Permission granted for partial withdrawal from National Pension System
Subscribers of the National Pension System may make partial withdrawals to fulfil their financial needs. Withdrawals will be permitted on formal request by the subscriber. Funds may be utilised for the treatment of the illness of a subscriber, his spouse, children (including adopted children), or dependent parents.
All pending income tax refunds up to five lakh rupees to be issued
To provide immediate relief to businesses and individuals, all pending income-tax refunds up to five lakh rupees, will be issued immediately. This is estimated to benefit approximately 14 lakh taxpayers. Further, all pending GST and Customs refunds will be issued. This will benefit around one lakh business entities. The total refund granted will be approximately Rs 18,000 crore.
Compensation for Food Corporation of India Employees in case of death due to COVID-19
The central government has approved the proposal for monetary compensation to 1.08 lakh workers of the Food Corporation of India (FCI) including 80,000 labourers who are working to supply food grains across the country. Currently, families of FCI employees are entitled to compensation in the event of death due to terrorist attack, bomb blast, mob attack or natural disaster. However, the regular and contractual labour of FCI are not covered. Under this proposal, all workers on duty will be insured in the event of death due to COVID-19 between March 24, 2020 and 23 September, 2020. Regular labour will be entitled to 15 lakh rupees, contractual labour will be entitled to 10 lakh rupees, category 1 officers will be entitled to 35 lakh rupees, category 2 officers will be entitled to 30 lakh rupees, and category 3 and 4 workers will be entitled to 25 lakh rupees.
NGOs permitted to buy food grains directly from FCI for relief operations
The government noted that NGOs and charitable organisations are playing an important role in providing food to thousands of poor people during the lockdown. To ensure uninterrupted supply of food grain to these organisations, the central government has directed FCI to provide wheat and rice to NGOs at the Open Market Sale Scheme rate. These rates are generally reserved for state governments and registered bulk users. This implies that these organisations can purchase one to ten metric tonnes of wheat and rice at a time from FCI at the predetermined reserve prices.

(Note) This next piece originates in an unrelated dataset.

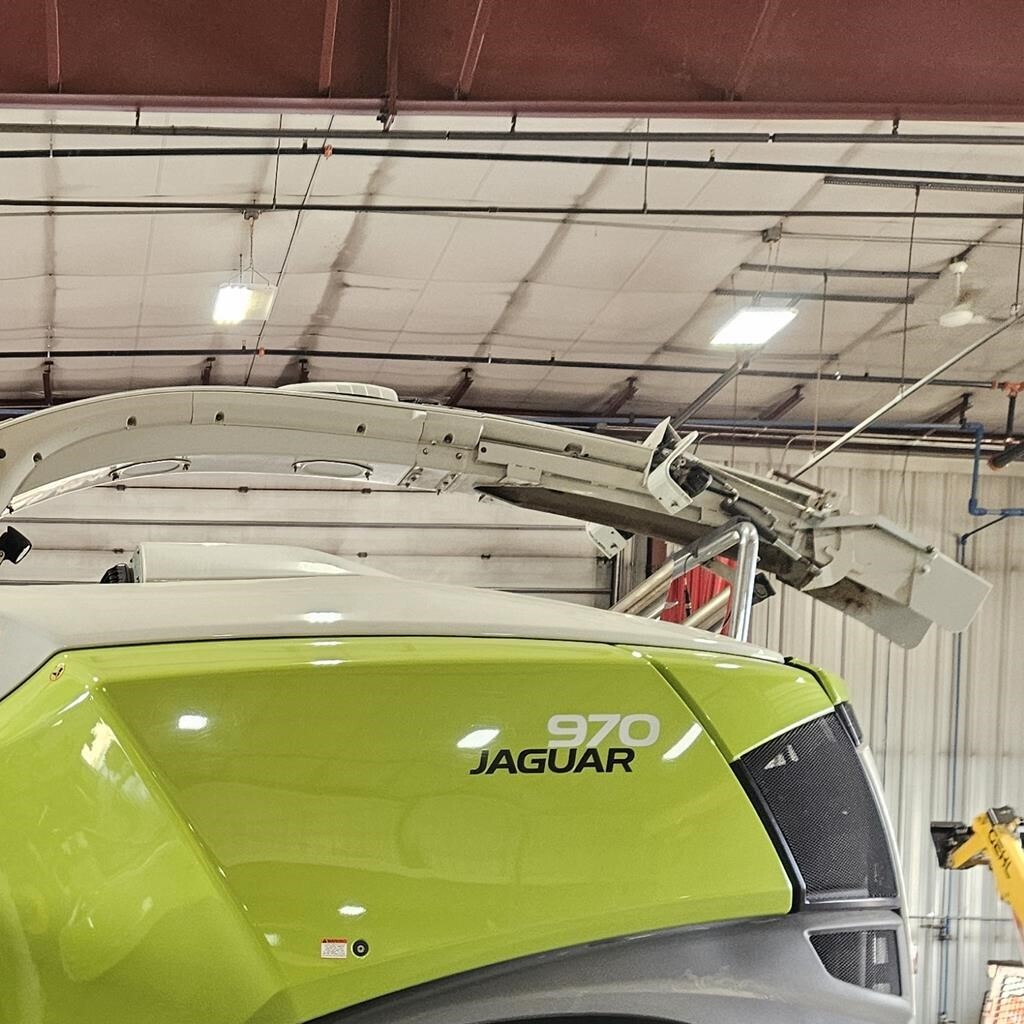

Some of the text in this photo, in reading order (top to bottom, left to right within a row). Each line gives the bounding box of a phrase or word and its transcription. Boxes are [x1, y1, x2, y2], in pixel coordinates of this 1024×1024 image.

Increasing financial resources
Reduction in salaries and benefits to Members of Parliament
The centre issued two Ordinances to amend: (i) the Salary, Allowances, and Pension of Members of Parliament Act, 1954 to reduce the salaries of MPs by 30% for a period of one year, and (ii) the Salaries and Allowances of Ministers Act, 1952, to reduce the sumptuary allowance of Ministers by 30% for one year. The government also amended the rules notified under the 1954 Act to reduce certain allowances of MPs for one year, and suspended the MPLAD Scheme for two years. The MPLAD scheme enables members of parliament to recommend developmental work in their constituencies. These changes are being made to supplement the financial resources of the centre to tackle the COVID-19 pandemic. The proposed reduction to the salaries and allowances of MPs and Ministers amounts to savings of around Rs 55 crore, and the suspension of the MPLAD scheme is expected to save Rs 7,800 crore. These measures comprise 0.03% and 4.5% respectively, of the estimated amount required to fight the immediate economic distress unleashed due to COVID.